--- START ---

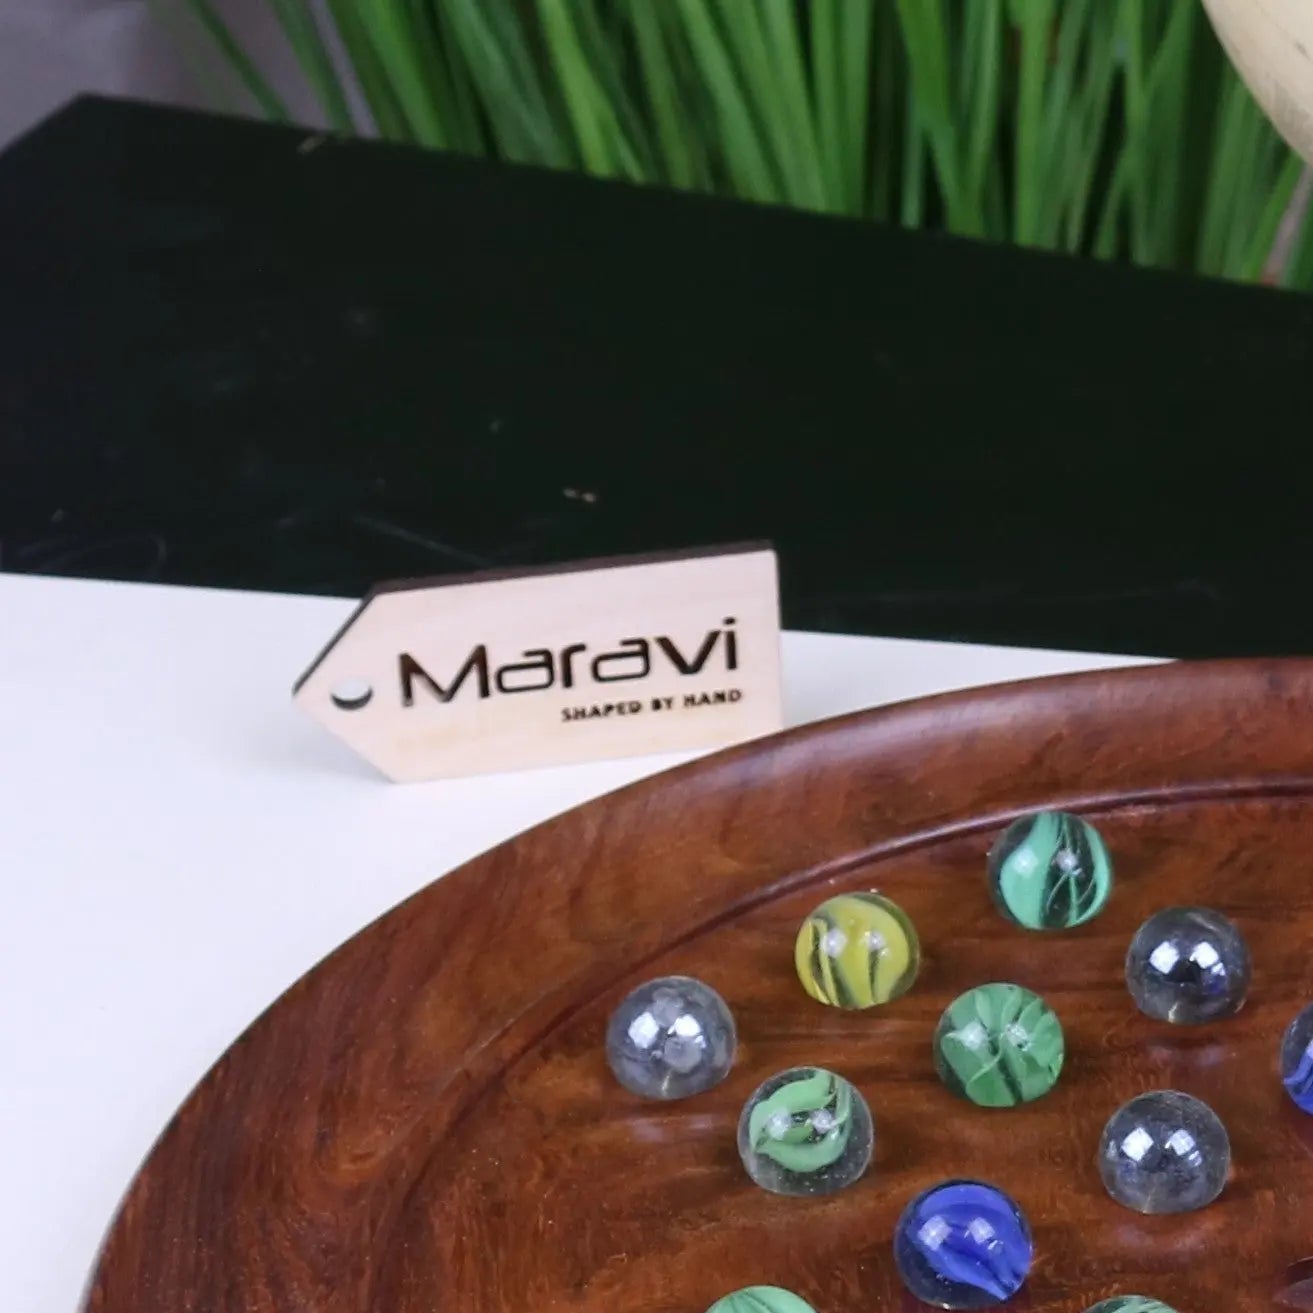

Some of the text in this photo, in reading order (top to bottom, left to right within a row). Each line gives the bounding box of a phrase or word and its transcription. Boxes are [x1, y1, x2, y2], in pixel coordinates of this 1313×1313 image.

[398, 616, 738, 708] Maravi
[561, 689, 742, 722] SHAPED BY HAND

--- END ---
--- START ---

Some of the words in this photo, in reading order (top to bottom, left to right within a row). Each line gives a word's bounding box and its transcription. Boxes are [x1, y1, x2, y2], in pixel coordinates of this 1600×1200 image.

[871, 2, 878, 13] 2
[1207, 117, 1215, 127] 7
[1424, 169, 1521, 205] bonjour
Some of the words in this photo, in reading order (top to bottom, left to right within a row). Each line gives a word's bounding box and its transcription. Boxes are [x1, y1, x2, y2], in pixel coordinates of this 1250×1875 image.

--- END ---
--- START ---

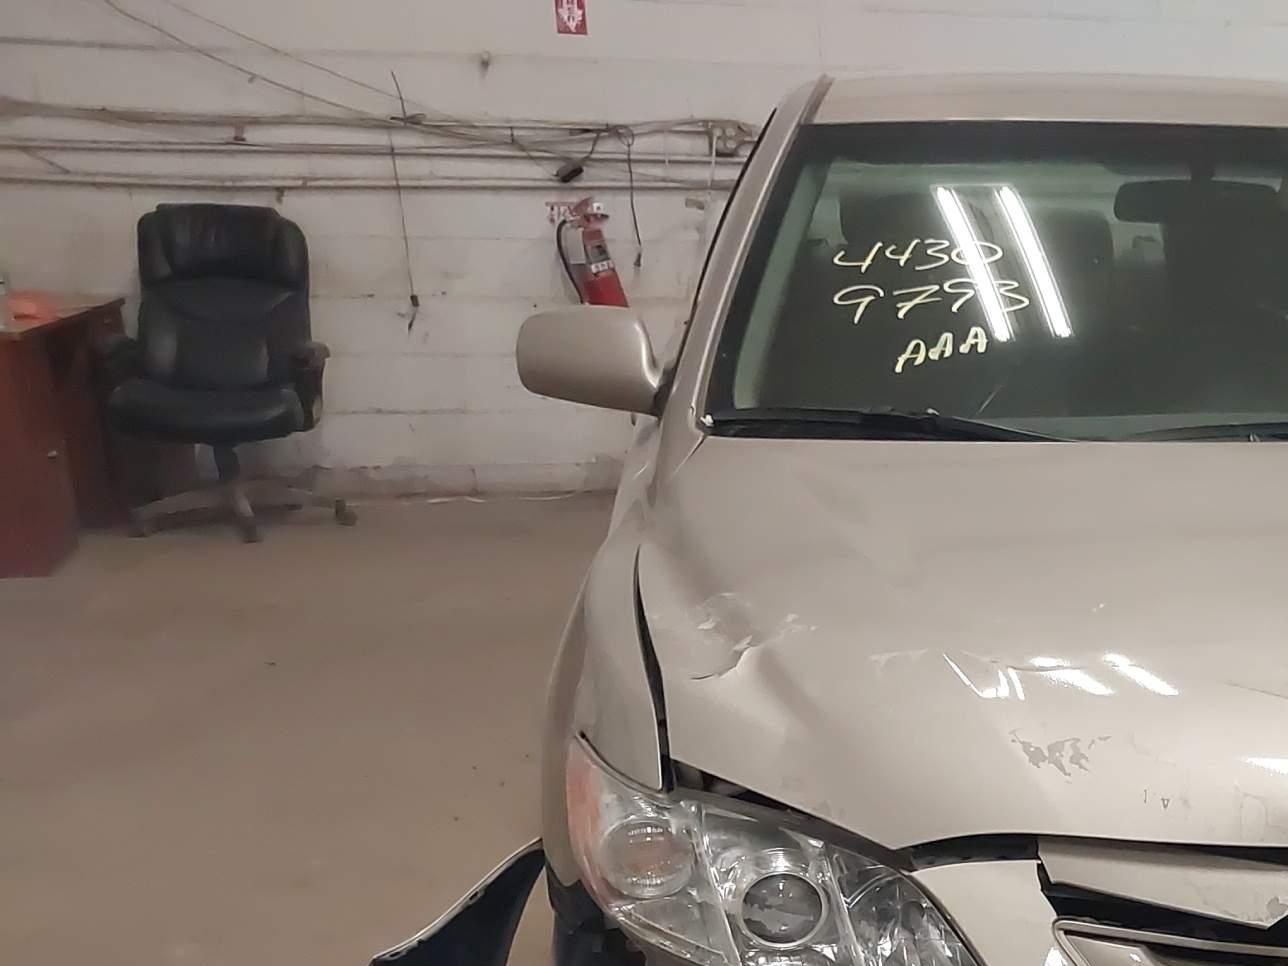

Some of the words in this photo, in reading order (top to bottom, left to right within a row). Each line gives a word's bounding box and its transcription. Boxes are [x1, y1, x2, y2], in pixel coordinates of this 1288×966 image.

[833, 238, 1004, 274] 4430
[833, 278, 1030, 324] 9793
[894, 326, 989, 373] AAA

--- END ---

Return only the stretch of the material above from the line holding "this 1600×1200 image." through the line holding "this 1250×1875 image.", copied exactly.

OUTPUT
Some of the words in this photo, in reading order (top to bottom, left to right within a row). Each line gives a word's bounding box and its transcription. Boxes are [x1, y1, x2, y2], in pixel coordinates of this 1600×1200 image.

[871, 2, 878, 13] 2
[1207, 117, 1215, 127] 7
[1424, 169, 1521, 205] bonjour
Some of the words in this photo, in reading order (top to bottom, left to right within a row). Each line gives a word's bounding box and its transcription. Boxes are [x1, y1, x2, y2], in pixel coordinates of this 1250×1875 image.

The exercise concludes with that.